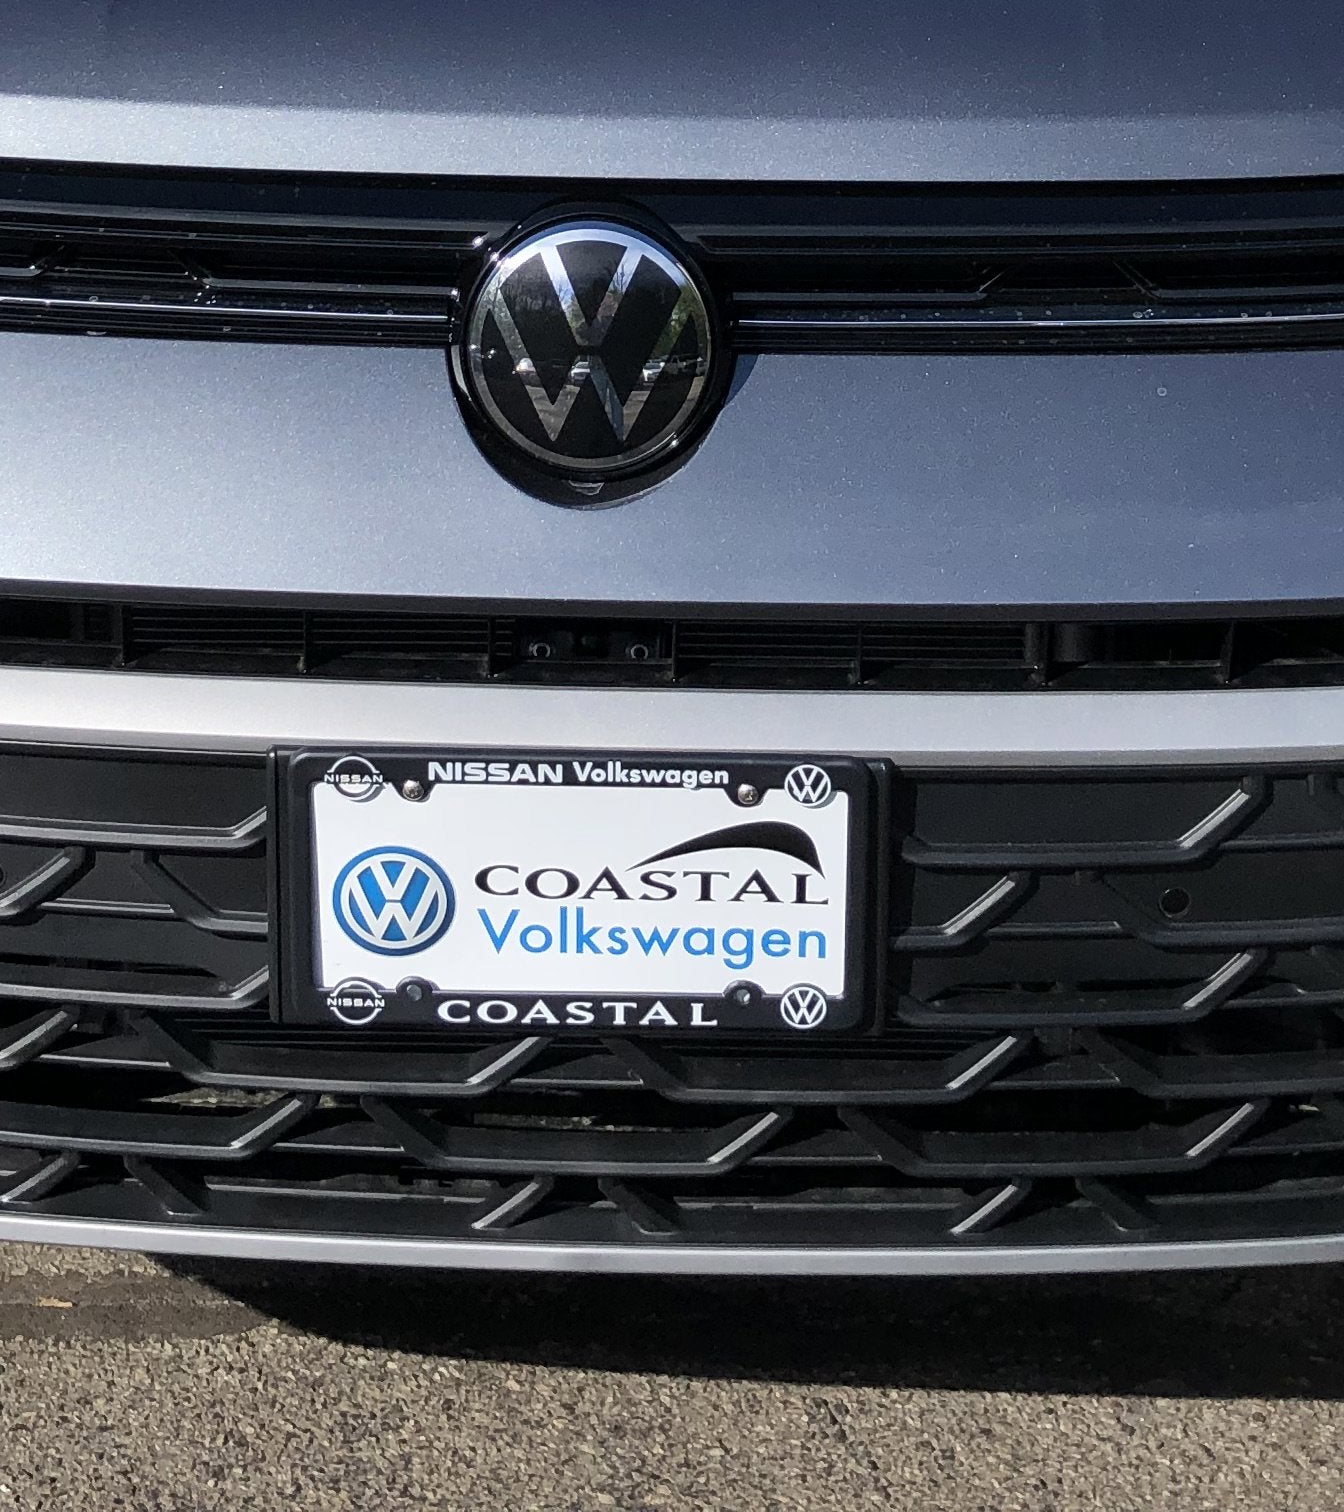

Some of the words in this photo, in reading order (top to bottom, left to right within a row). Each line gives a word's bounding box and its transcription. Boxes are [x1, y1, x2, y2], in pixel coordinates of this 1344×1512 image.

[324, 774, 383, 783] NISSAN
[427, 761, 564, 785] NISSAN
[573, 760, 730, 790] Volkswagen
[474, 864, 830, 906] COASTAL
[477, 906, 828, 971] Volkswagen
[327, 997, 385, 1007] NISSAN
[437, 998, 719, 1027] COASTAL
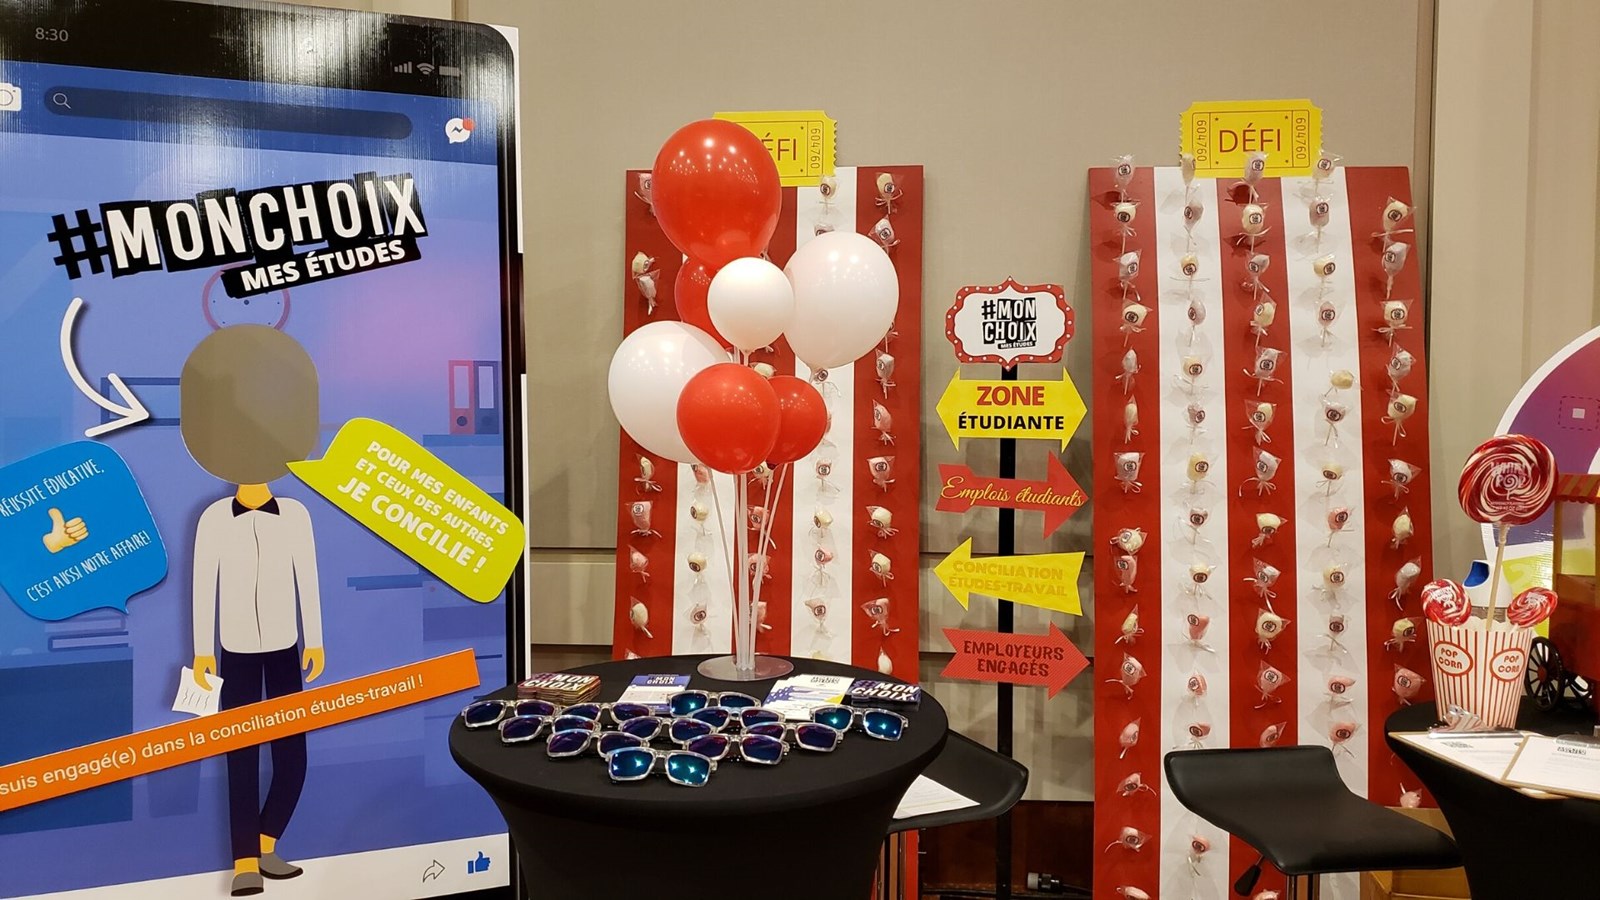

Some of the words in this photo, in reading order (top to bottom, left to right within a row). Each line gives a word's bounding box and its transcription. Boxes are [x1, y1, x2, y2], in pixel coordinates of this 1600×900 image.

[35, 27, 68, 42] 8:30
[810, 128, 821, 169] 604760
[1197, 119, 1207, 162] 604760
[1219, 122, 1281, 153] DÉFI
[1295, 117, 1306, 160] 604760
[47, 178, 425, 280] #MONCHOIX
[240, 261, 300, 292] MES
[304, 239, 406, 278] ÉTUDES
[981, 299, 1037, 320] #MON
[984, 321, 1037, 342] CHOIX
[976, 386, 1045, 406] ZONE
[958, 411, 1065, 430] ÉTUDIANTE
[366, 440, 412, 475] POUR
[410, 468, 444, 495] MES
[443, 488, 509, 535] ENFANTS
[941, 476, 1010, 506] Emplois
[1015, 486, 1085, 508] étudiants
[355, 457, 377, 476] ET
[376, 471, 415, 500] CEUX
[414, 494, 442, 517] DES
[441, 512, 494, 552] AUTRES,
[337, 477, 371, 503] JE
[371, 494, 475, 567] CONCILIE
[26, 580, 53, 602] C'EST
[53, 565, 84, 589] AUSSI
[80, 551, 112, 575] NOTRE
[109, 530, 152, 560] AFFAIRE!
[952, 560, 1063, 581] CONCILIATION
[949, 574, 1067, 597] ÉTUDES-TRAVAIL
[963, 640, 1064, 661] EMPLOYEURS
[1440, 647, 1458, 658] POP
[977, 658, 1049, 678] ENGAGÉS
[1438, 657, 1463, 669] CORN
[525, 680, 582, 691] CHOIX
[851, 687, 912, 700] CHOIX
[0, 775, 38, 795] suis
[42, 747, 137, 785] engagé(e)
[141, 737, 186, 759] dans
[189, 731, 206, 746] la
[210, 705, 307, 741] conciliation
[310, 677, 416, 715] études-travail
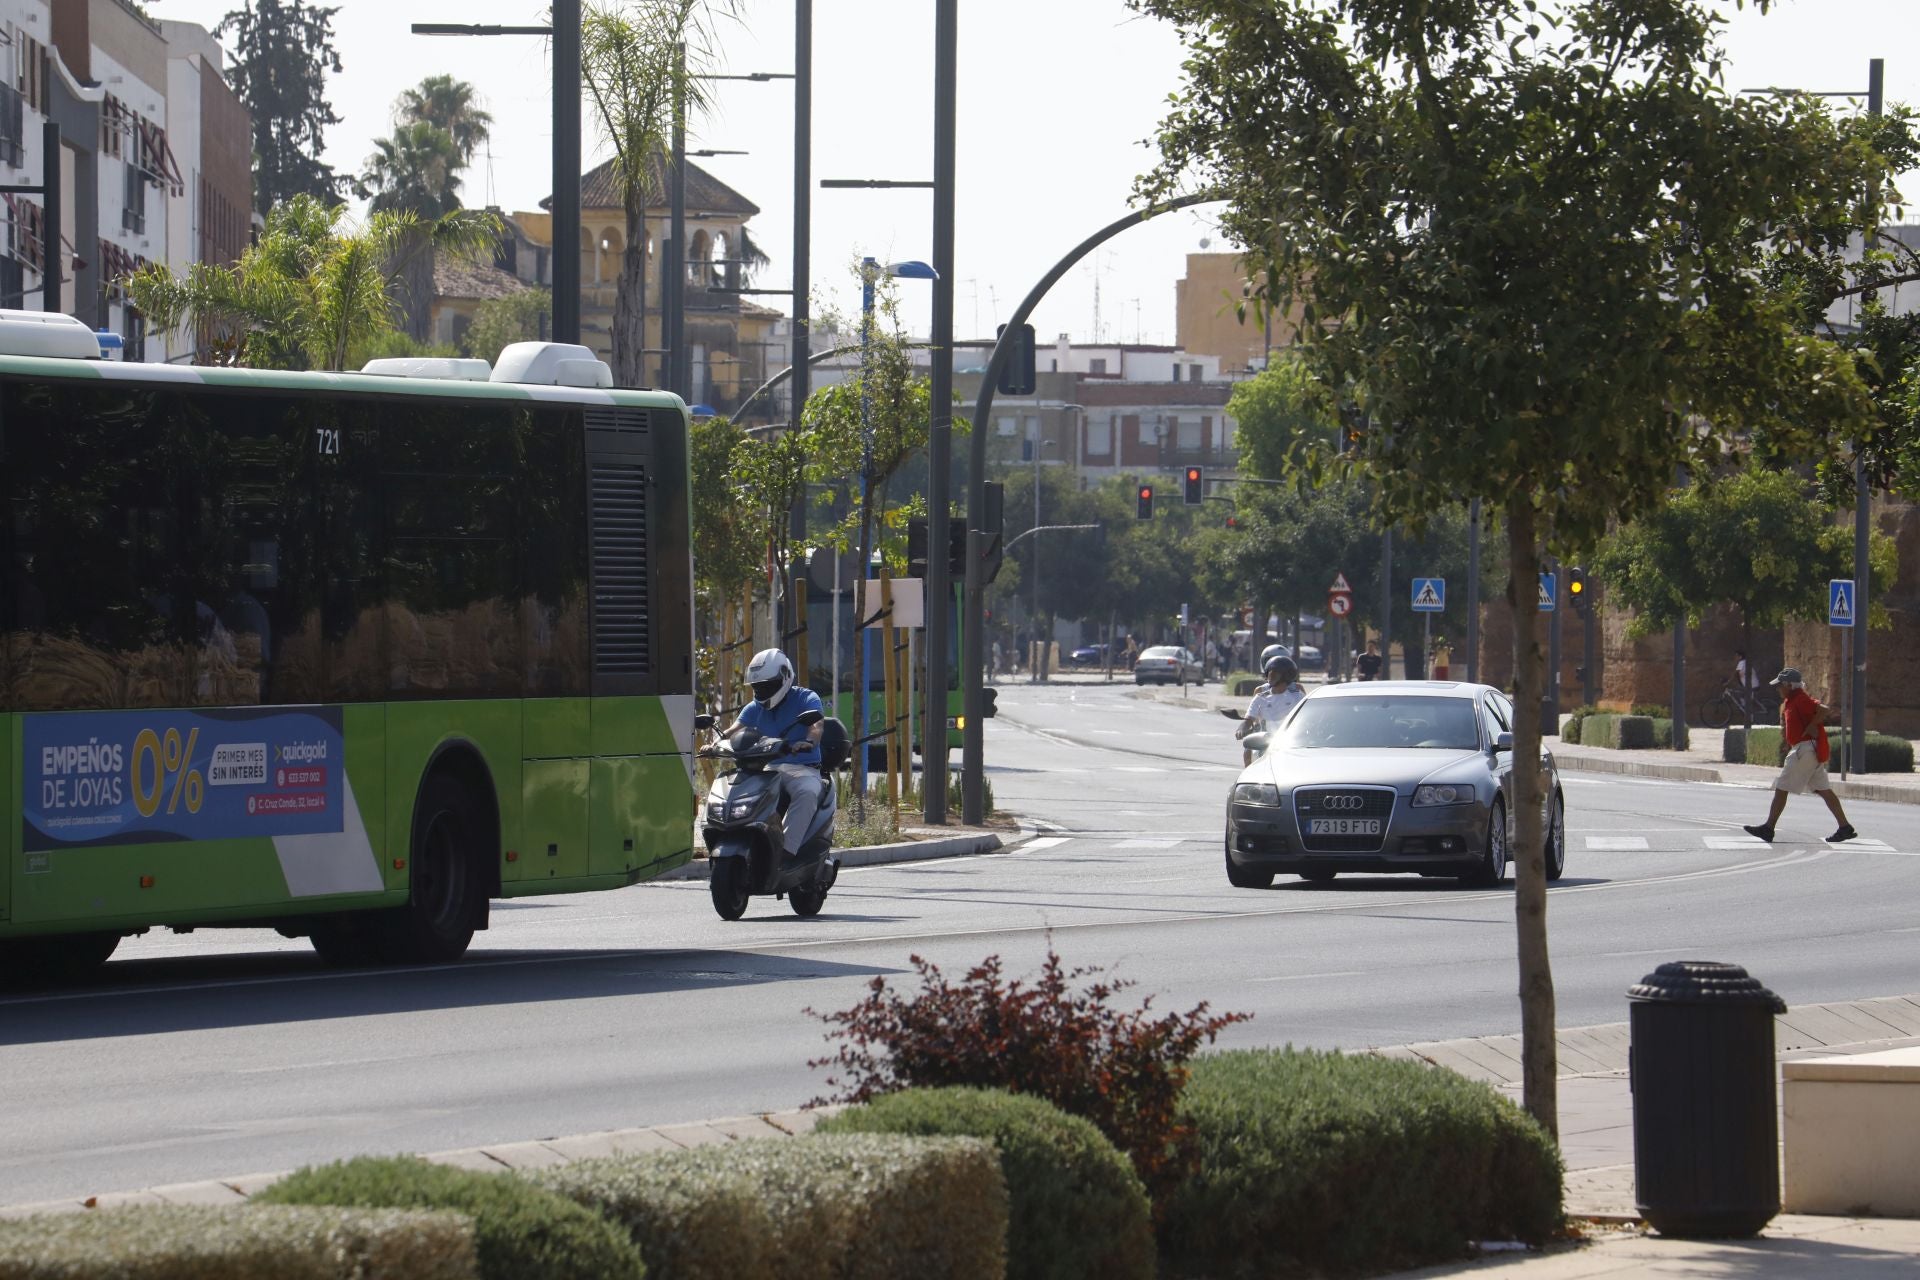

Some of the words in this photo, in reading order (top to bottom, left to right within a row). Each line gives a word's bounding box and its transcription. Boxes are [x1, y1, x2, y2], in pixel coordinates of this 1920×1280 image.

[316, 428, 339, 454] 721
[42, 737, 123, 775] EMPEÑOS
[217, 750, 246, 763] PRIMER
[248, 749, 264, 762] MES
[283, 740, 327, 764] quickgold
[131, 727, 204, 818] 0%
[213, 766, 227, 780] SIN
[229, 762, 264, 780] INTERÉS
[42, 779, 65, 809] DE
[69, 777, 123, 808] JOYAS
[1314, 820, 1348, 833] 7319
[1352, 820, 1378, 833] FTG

• • • • • • •

» **ACTION ITEM**
Each entry should be set down exactly, pictures excluded.

» **ANSWER TO THIS PROBLEM**
Some of the words in this photo, in reading order (top to bottom, left to right within a row). Each line gives a word's bounding box and its transcription. Boxes are [x1, y1, x2, y2], in pixel coordinates of this 1344×1512 image.

[324, 774, 383, 783] NISSAN
[427, 761, 564, 785] NISSAN
[573, 760, 730, 790] Volkswagen
[474, 864, 830, 906] COASTAL
[477, 906, 828, 971] Volkswagen
[327, 997, 385, 1007] NISSAN
[437, 998, 719, 1027] COASTAL

Some of the words in this photo, in reading order (top to bottom, left to right within a row). Each line gives a word's bounding box and its transcription. Boxes are [x1, y1, x2, y2], in pixel coordinates of this 1600×900 image.

[35, 27, 68, 42] 8:30
[810, 128, 821, 169] 604760
[1197, 119, 1207, 162] 604760
[1219, 122, 1281, 153] DÉFI
[1295, 117, 1306, 160] 604760
[47, 178, 425, 280] #MONCHOIX
[240, 261, 300, 292] MES
[304, 239, 406, 278] ÉTUDES
[981, 299, 1037, 320] #MON
[984, 321, 1037, 342] CHOIX
[976, 386, 1045, 406] ZONE
[958, 411, 1065, 430] ÉTUDIANTE
[366, 440, 412, 475] POUR
[410, 468, 444, 495] MES
[443, 488, 509, 535] ENFANTS
[941, 476, 1010, 506] Emplois
[1015, 486, 1085, 508] étudiants
[355, 457, 377, 476] ET
[376, 471, 415, 500] CEUX
[414, 494, 442, 517] DES
[441, 512, 494, 552] AUTRES,
[337, 477, 371, 503] JE
[371, 494, 475, 567] CONCILIE
[26, 580, 53, 602] C'EST
[53, 565, 84, 589] AUSSI
[80, 551, 112, 575] NOTRE
[109, 530, 152, 560] AFFAIRE!
[952, 560, 1063, 581] CONCILIATION
[949, 574, 1067, 597] ÉTUDES-TRAVAIL
[963, 640, 1064, 661] EMPLOYEURS
[1440, 647, 1458, 658] POP
[977, 658, 1049, 678] ENGAGÉS
[1438, 657, 1463, 669] CORN
[525, 680, 582, 691] CHOIX
[851, 687, 912, 700] CHOIX
[0, 775, 38, 795] suis
[42, 747, 137, 785] engagé(e)
[141, 737, 186, 759] dans
[189, 731, 206, 746] la
[210, 705, 307, 741] conciliation
[310, 677, 416, 715] études-travail

Some of the words in this photo, in reading order (top to bottom, left to right within a row). Each line gives a word's bounding box and its transcription. Boxes are [x1, y1, x2, y2], in pixel coordinates of this 1920×1280 image.

[316, 428, 339, 454] 721
[42, 737, 123, 775] EMPEÑOS
[217, 750, 246, 763] PRIMER
[248, 749, 264, 762] MES
[283, 740, 327, 764] quickgold
[131, 727, 204, 818] 0%
[213, 766, 227, 780] SIN
[229, 762, 264, 780] INTERÉS
[42, 779, 65, 809] DE
[69, 777, 123, 808] JOYAS
[1314, 820, 1348, 833] 7319
[1352, 820, 1378, 833] FTG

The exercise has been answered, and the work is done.